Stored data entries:
----------
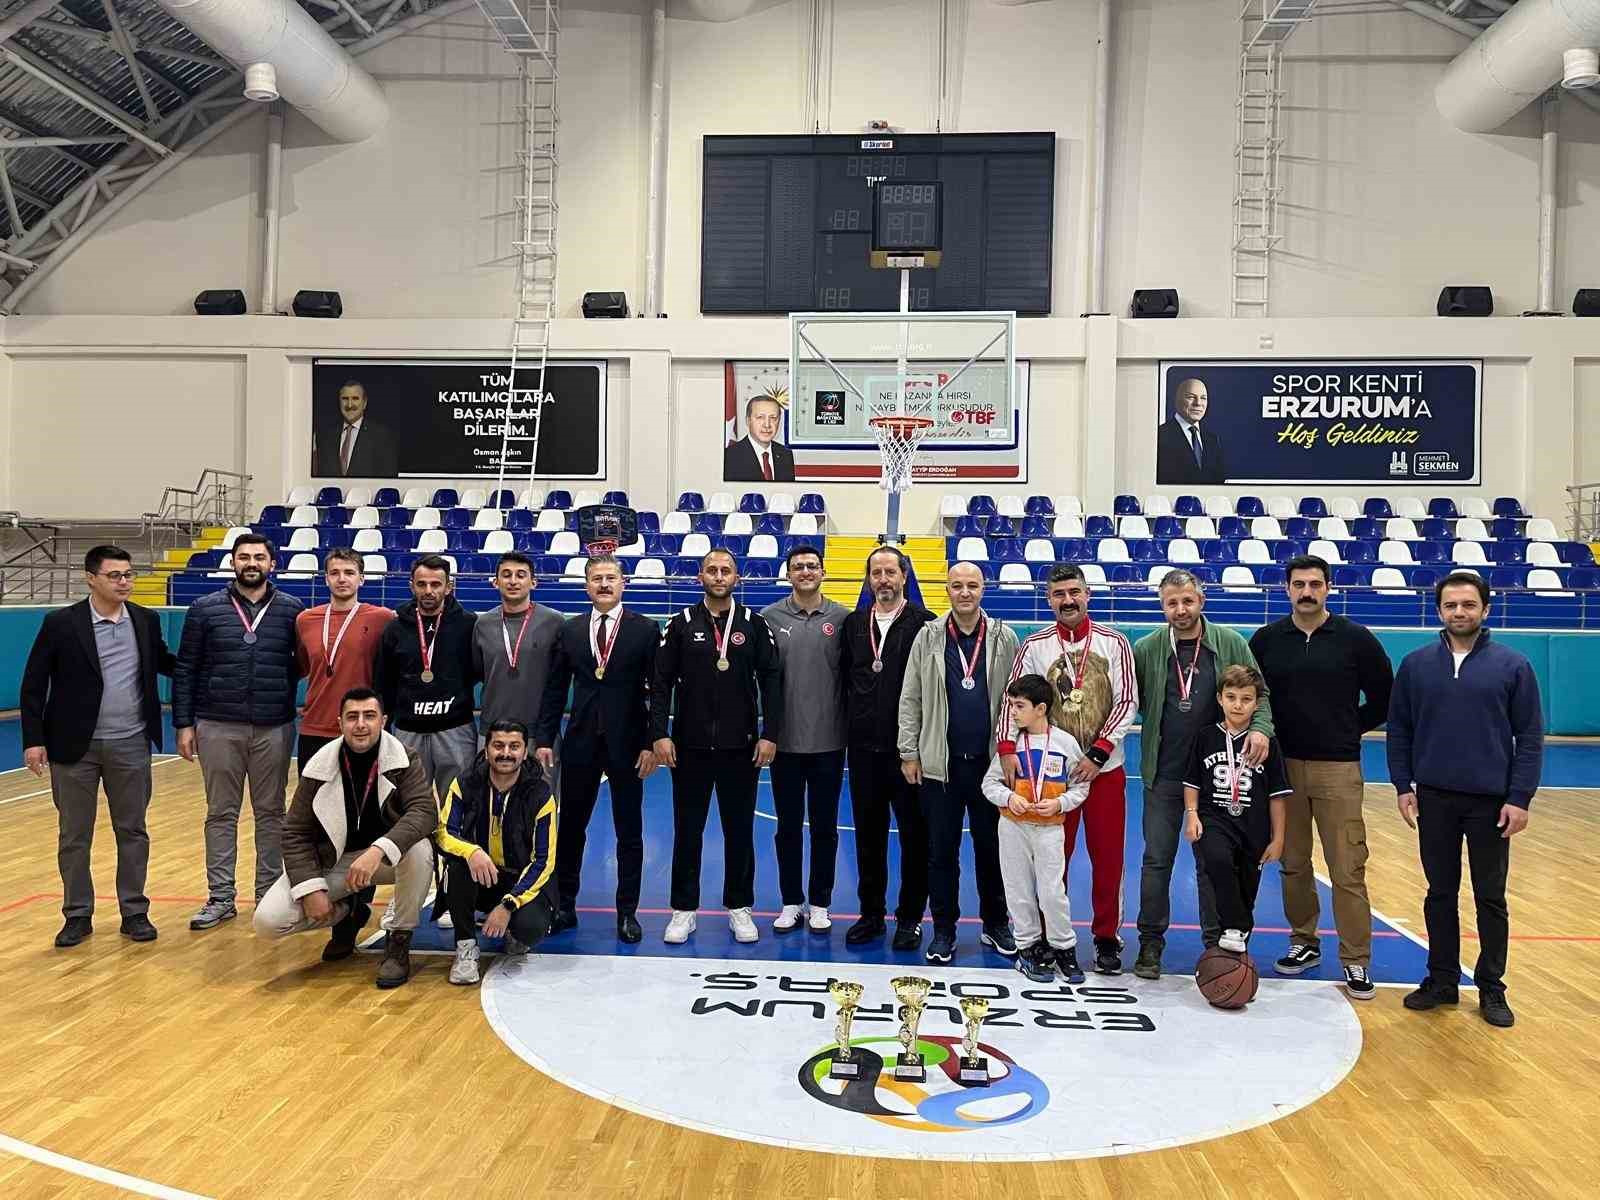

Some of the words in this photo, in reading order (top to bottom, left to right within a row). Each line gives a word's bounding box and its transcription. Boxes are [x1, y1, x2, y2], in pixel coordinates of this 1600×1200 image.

[480, 372, 512, 387] TÜM
[1272, 374, 1341, 394] SPOR
[1349, 370, 1423, 393] KENTİ
[438, 391, 555, 403] KATILIMCILARA
[965, 411, 996, 425] TBF
[464, 422, 529, 436] DİLERİM.
[1277, 422, 1319, 449] Hoş
[1326, 422, 1419, 446] Geldiniz
[501, 448, 522, 457] şkın
[1418, 462, 1459, 470] SEKMEN
[414, 696, 456, 715] HEAT
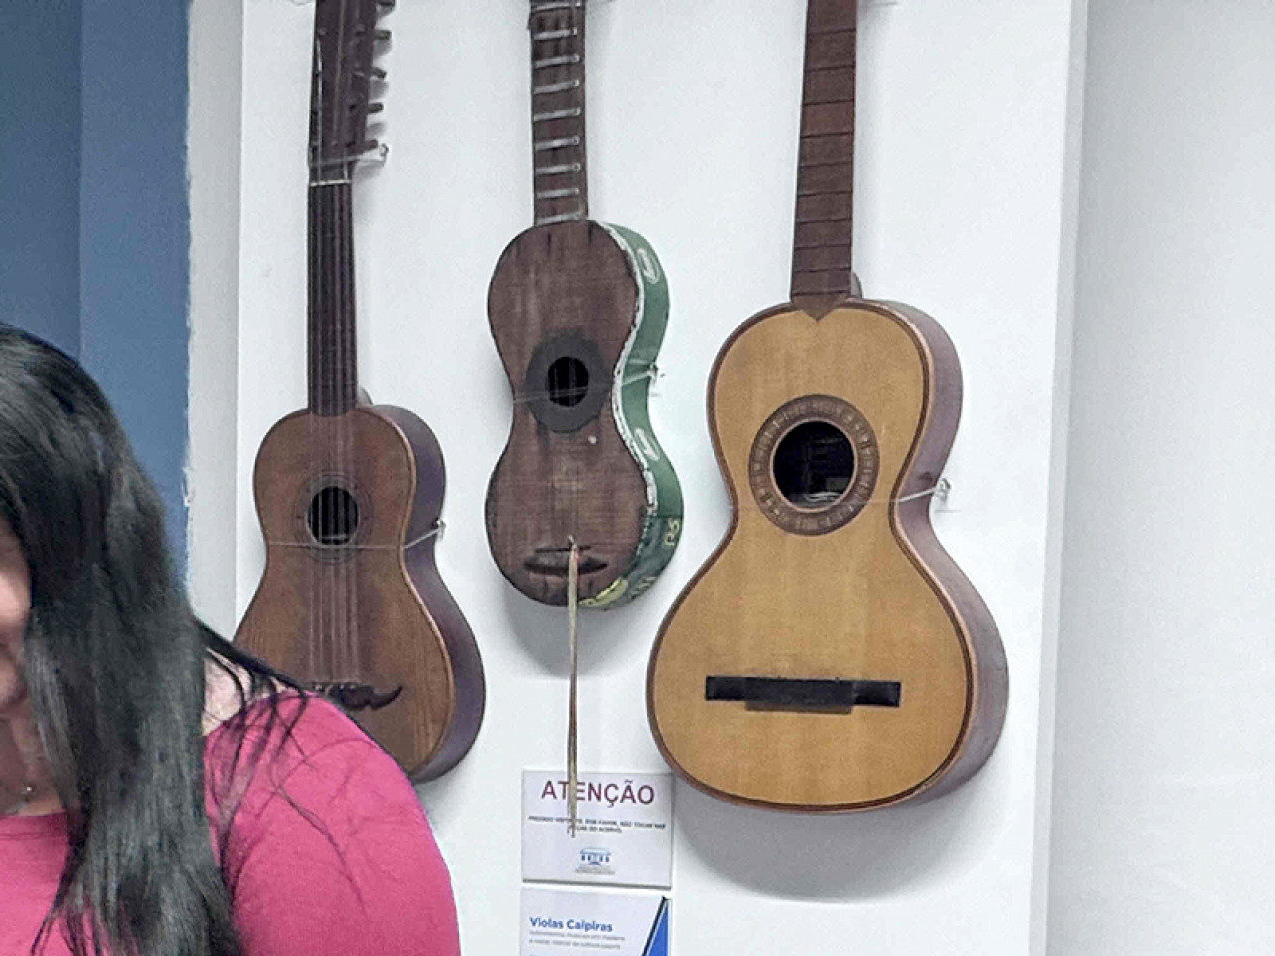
----------
What the task requires: Copy out all the data exactly. No images belong in the copy.

Answer to the exercise:
Some of the words in this photo, in reading order (top to bottom, left to right within a row). Each line gives a word's bounding box and its transcription. Boxes are [x1, y1, x2, y2], in pixel coordinates of this 1600×1200 image.

[480, 372, 512, 387] TÜM
[1272, 374, 1341, 394] SPOR
[1349, 370, 1423, 393] KENTİ
[438, 391, 555, 403] KATILIMCILARA
[965, 411, 996, 425] TBF
[464, 422, 529, 436] DİLERİM.
[1277, 422, 1319, 449] Hoş
[1326, 422, 1419, 446] Geldiniz
[501, 448, 522, 457] şkın
[1418, 462, 1459, 470] SEKMEN
[414, 696, 456, 715] HEAT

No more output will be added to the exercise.